New ACL surgery technique reduces reconstruction failure rate

LOS ANGELES

Danny Hansen knows the feeling of an ACL injury all too well. He just had his latest ACL surgery. It's the third time he's torn up his knee playing basketball.

"In 2004, I had an ACL reconstruction and the same thing in 2007," he said.

Now a dad, Hansen wants to share his love of the sport with his son, Blake. Dr. Tony Nguyen says Hansen's prior surgeries failed because older techniques forced doctors to place new tissue in the wrong position, which can limit the knee's ability to rotate.
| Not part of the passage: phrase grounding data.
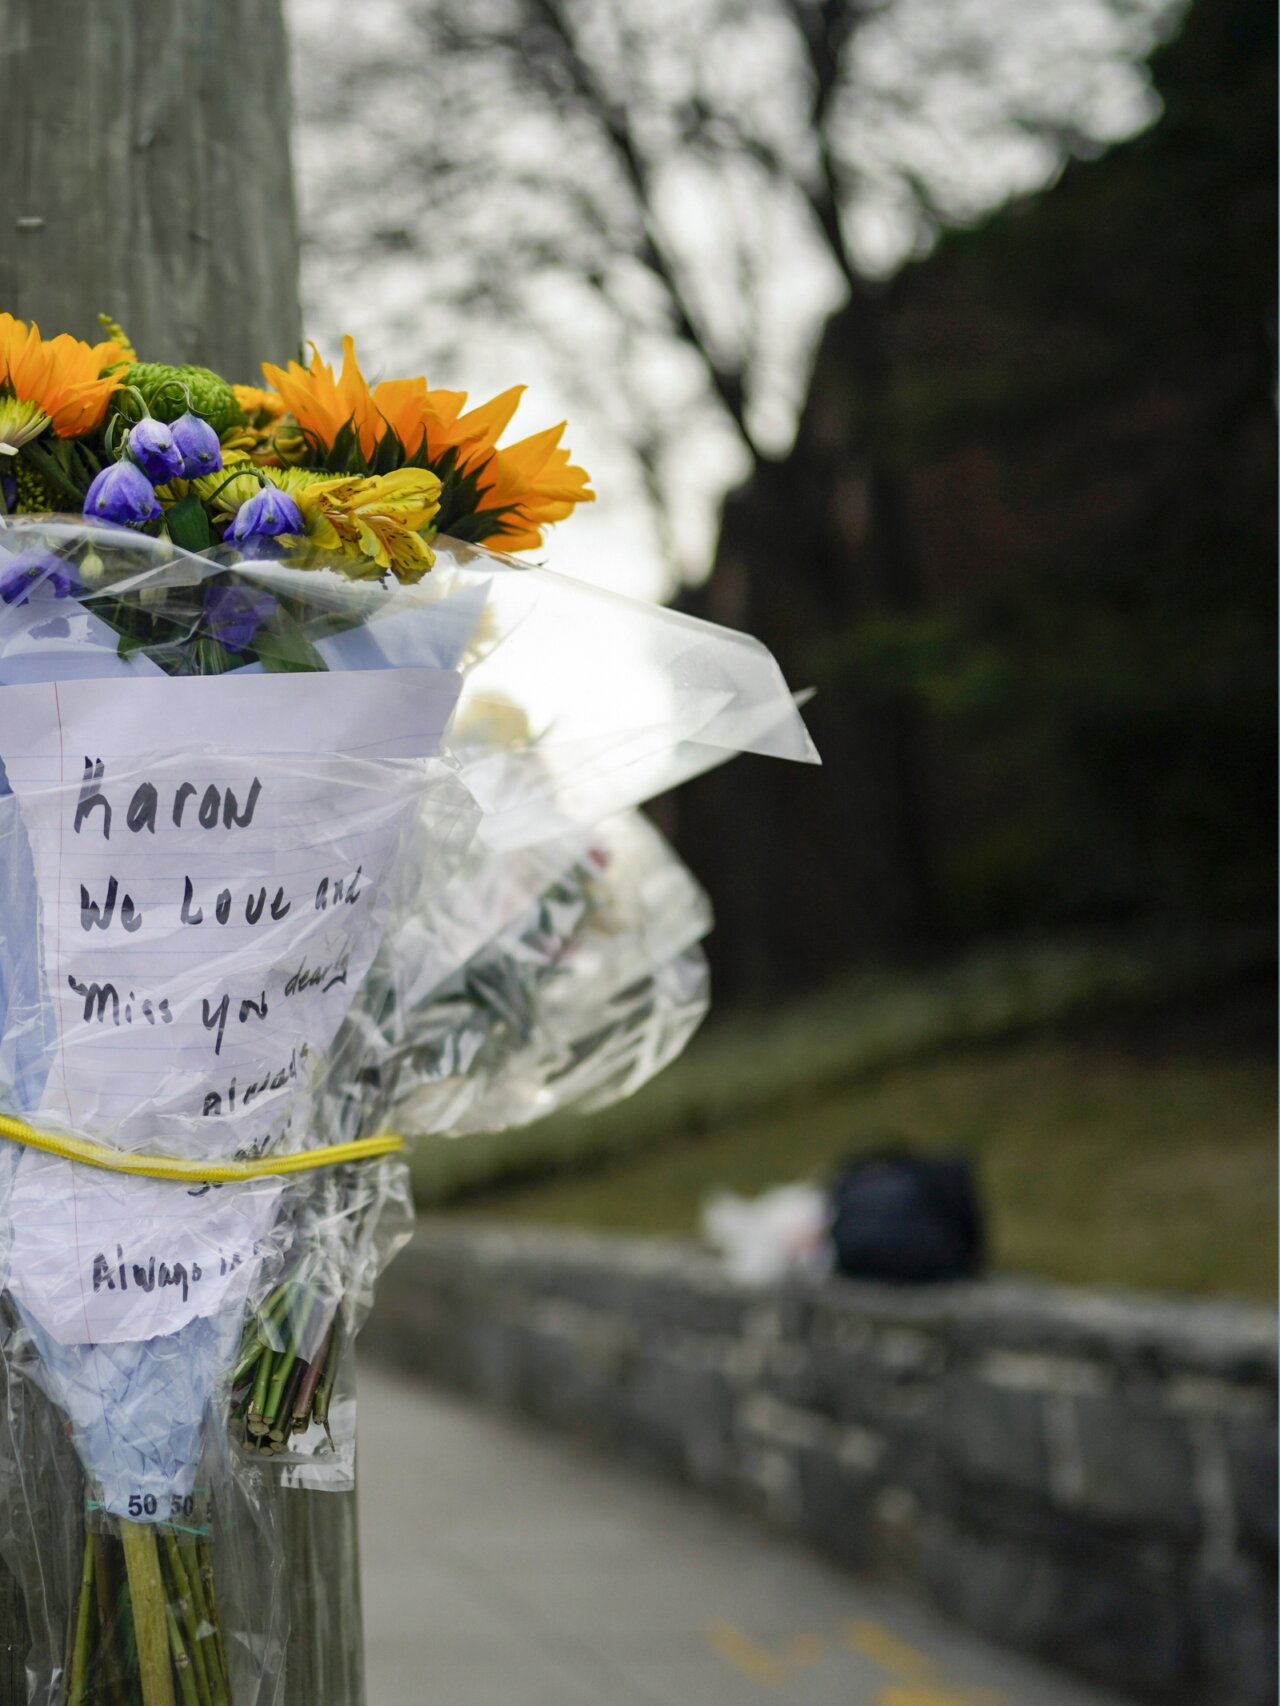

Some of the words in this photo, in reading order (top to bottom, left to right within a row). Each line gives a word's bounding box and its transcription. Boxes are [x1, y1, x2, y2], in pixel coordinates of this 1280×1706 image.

[80, 875, 142, 932] We
[180, 875, 291, 925] Love
[128, 1494, 157, 1517] 50
[171, 1494, 194, 1517] 50
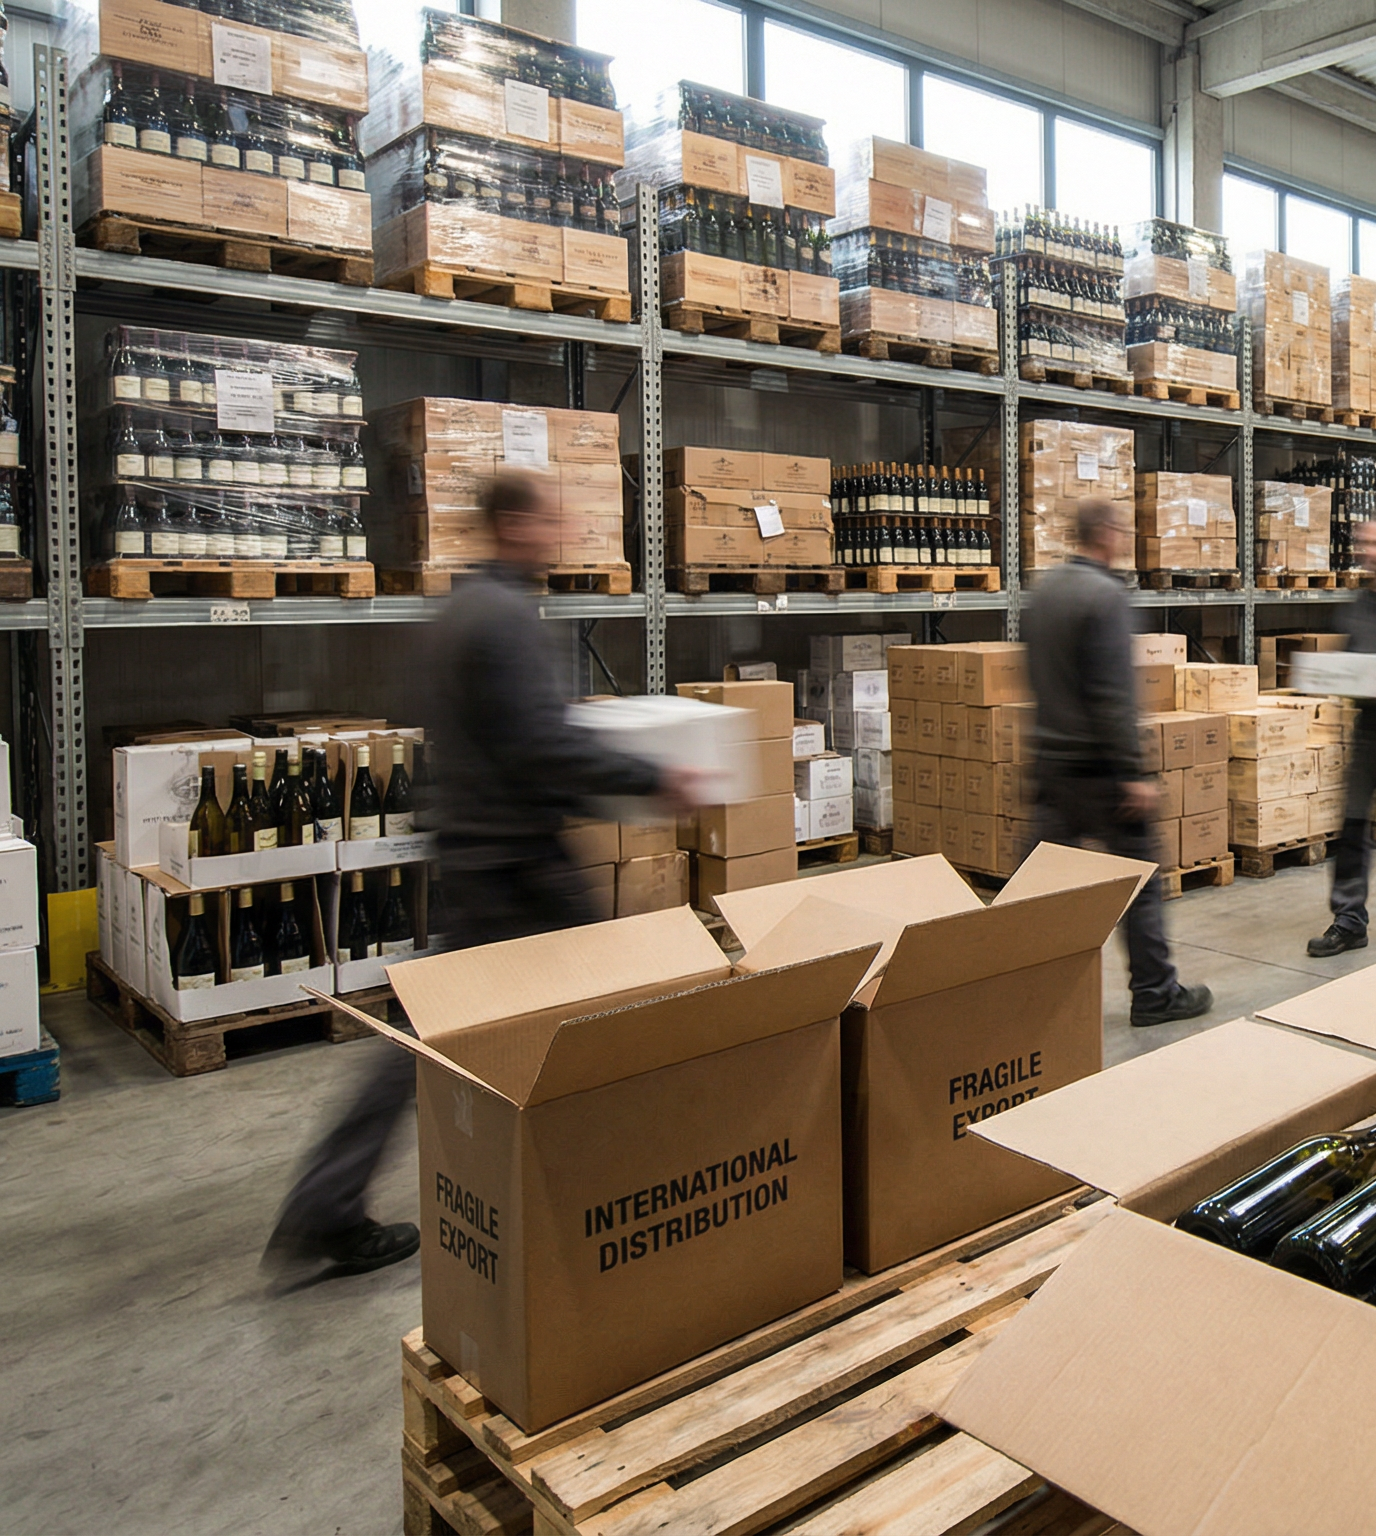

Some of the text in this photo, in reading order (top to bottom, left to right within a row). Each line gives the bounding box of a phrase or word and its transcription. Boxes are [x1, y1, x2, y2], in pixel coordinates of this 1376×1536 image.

[949, 1050, 1043, 1105] FRAGILE
[436, 1170, 499, 1242] FRAGILE
[584, 1137, 798, 1239] INTERNATIONAL
[599, 1174, 789, 1274] DISTRIBUTION
[439, 1216, 498, 1286] EXPORT
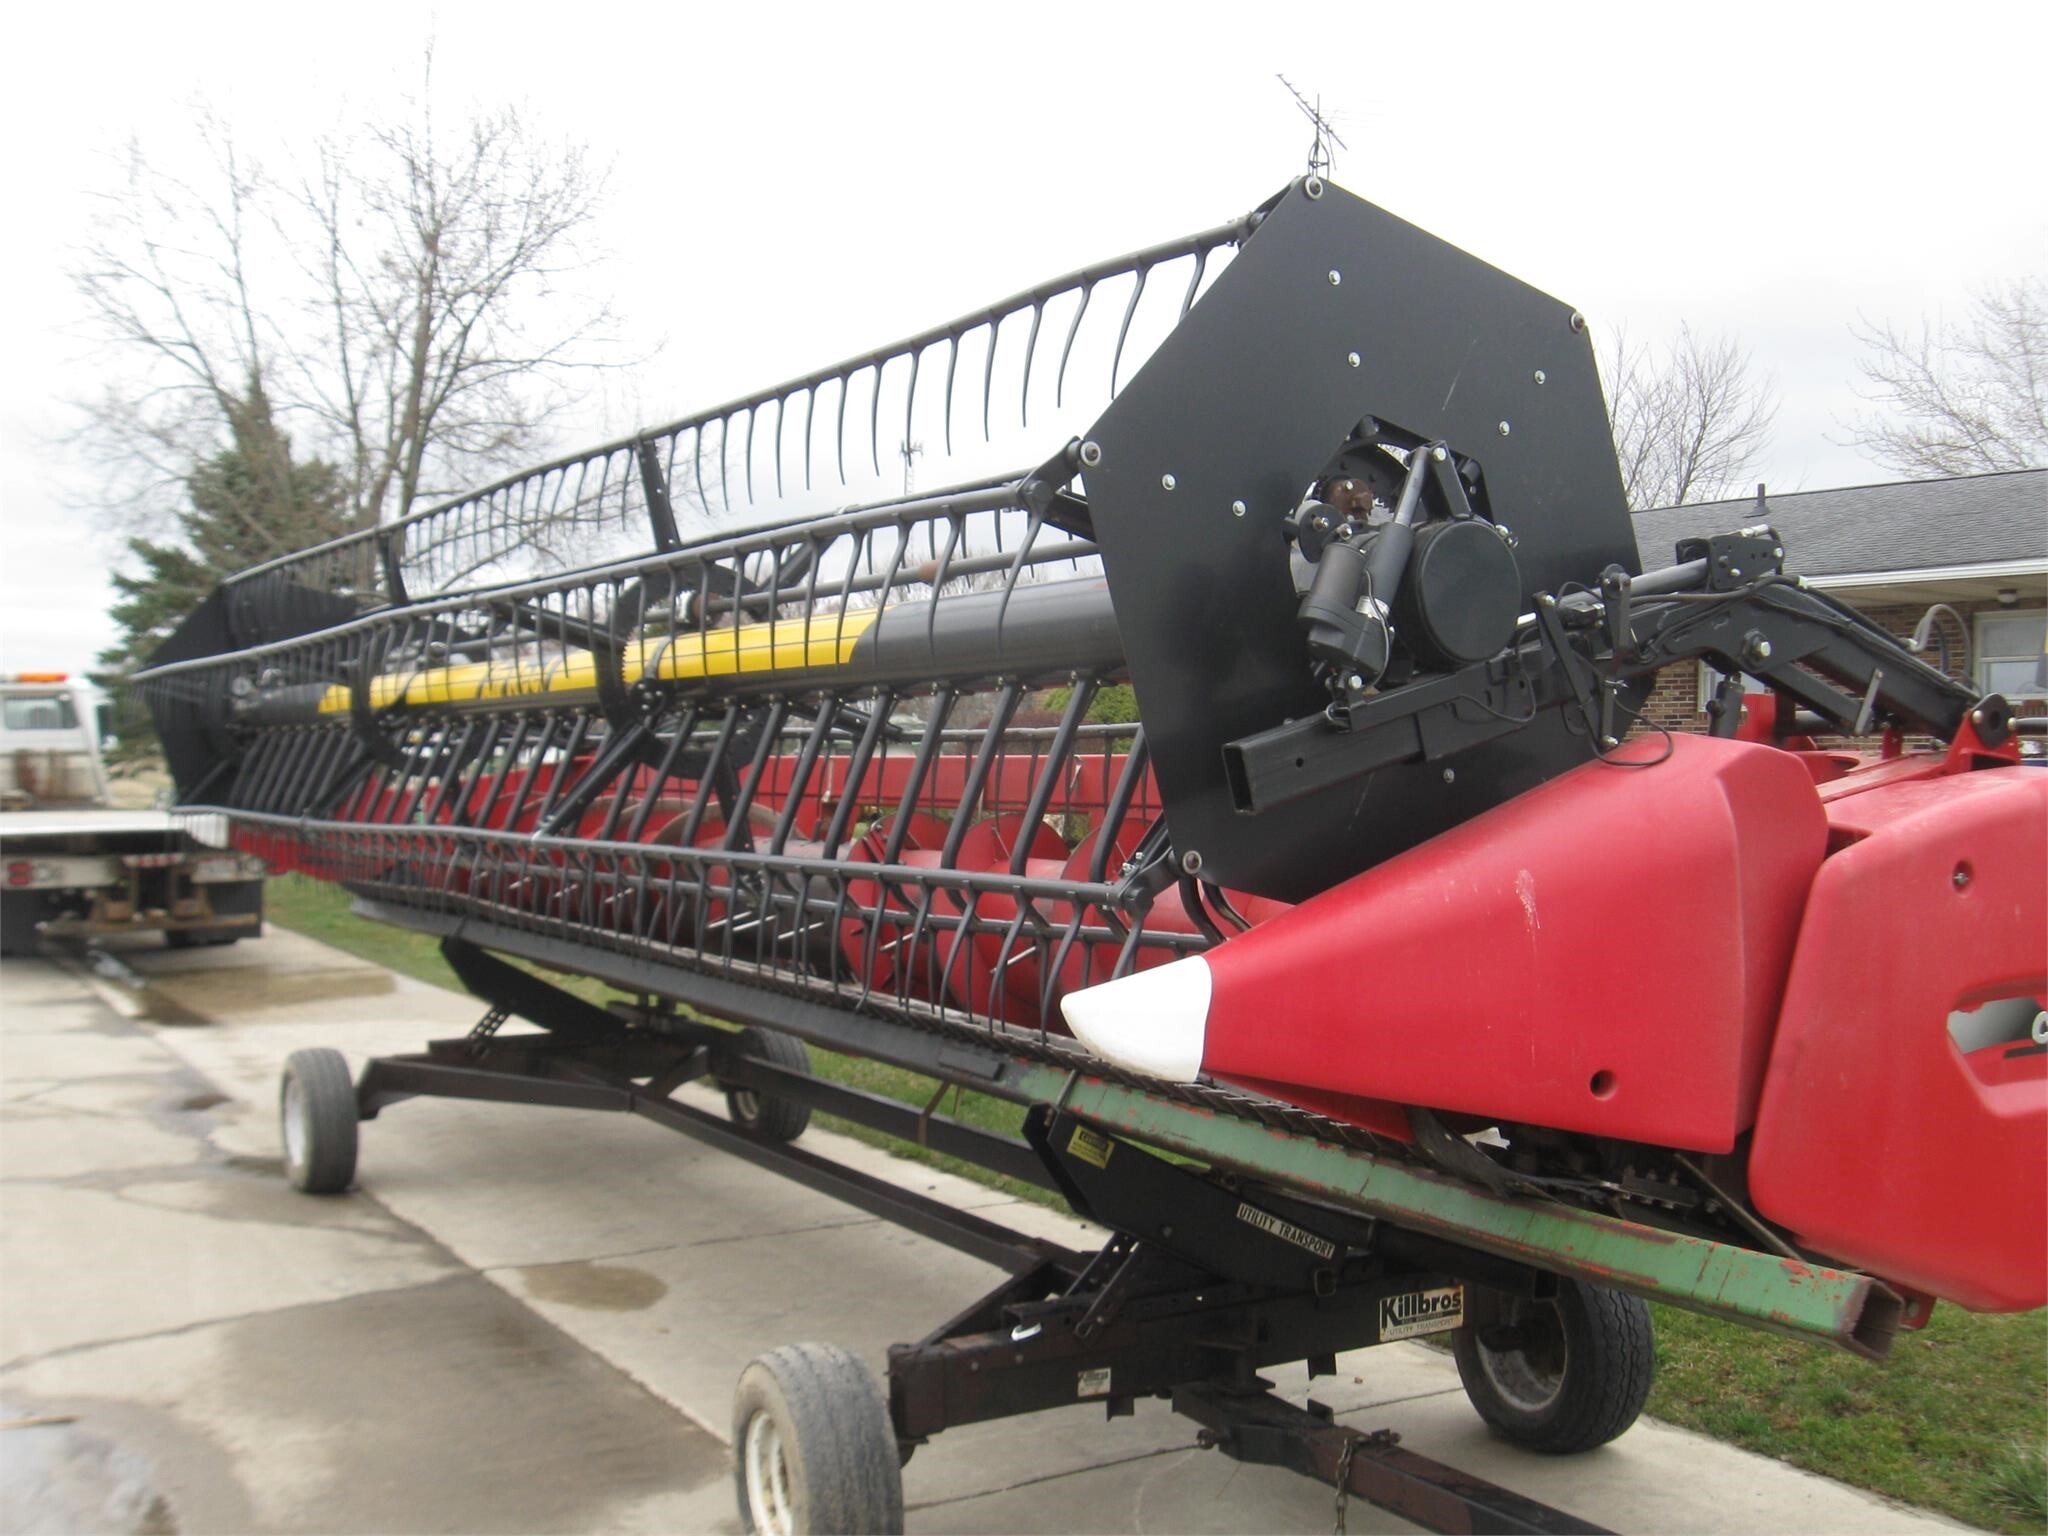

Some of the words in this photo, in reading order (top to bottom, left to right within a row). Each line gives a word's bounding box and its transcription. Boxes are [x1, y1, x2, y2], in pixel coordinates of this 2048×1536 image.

[1239, 1205, 1275, 1230] UTILITY
[1279, 1223, 1333, 1257] TRANSPORT
[1381, 1292, 1462, 1329] Killbros
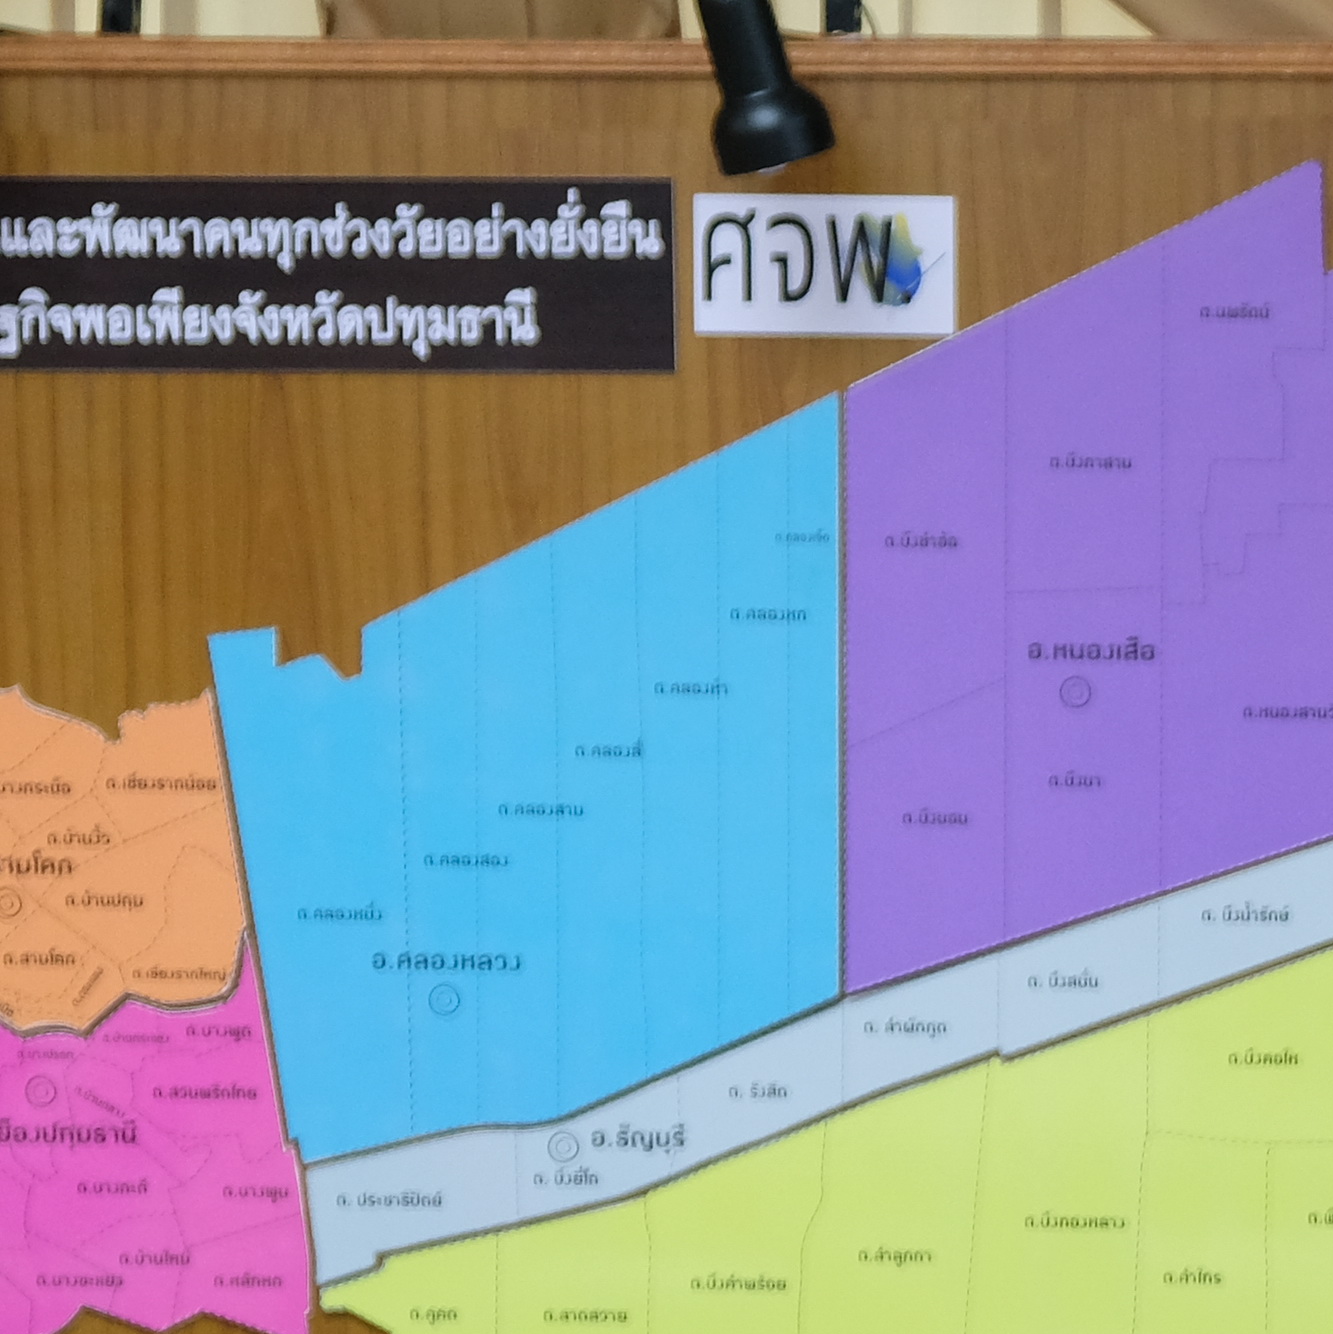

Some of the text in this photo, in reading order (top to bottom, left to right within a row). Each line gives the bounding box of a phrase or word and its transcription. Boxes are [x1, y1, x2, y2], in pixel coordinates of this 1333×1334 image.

To repair the ACL, Nguyen used a piece of tendon from Hansen's knee and a new technique known as anteromedial drilling.

"As a sports surgeon, it's a very big breakthrough," said Nguyen.

The approach allows surgeons to perfectly place the new tissue. That helps restore the natural anatomy of the knee, giving patients more rotational control.

While up to 25 percent of traditional reconstructions fail, Nguyen says this technique reduces those failures to about four or five percent.

Hansen hopes for his son's sake, the surgery will be his last.

"I'm walking better than i ever had before with my other surgeries," he said.

When performing the new ACL technique, Nguyen advises patients under 40 to use their own tissue over tissue from a cadaver.

Studies show ACLs reconstructed with cadaverous tissue are at a significantly higher risk for graft failure in younger patients than they are for older, less active patients.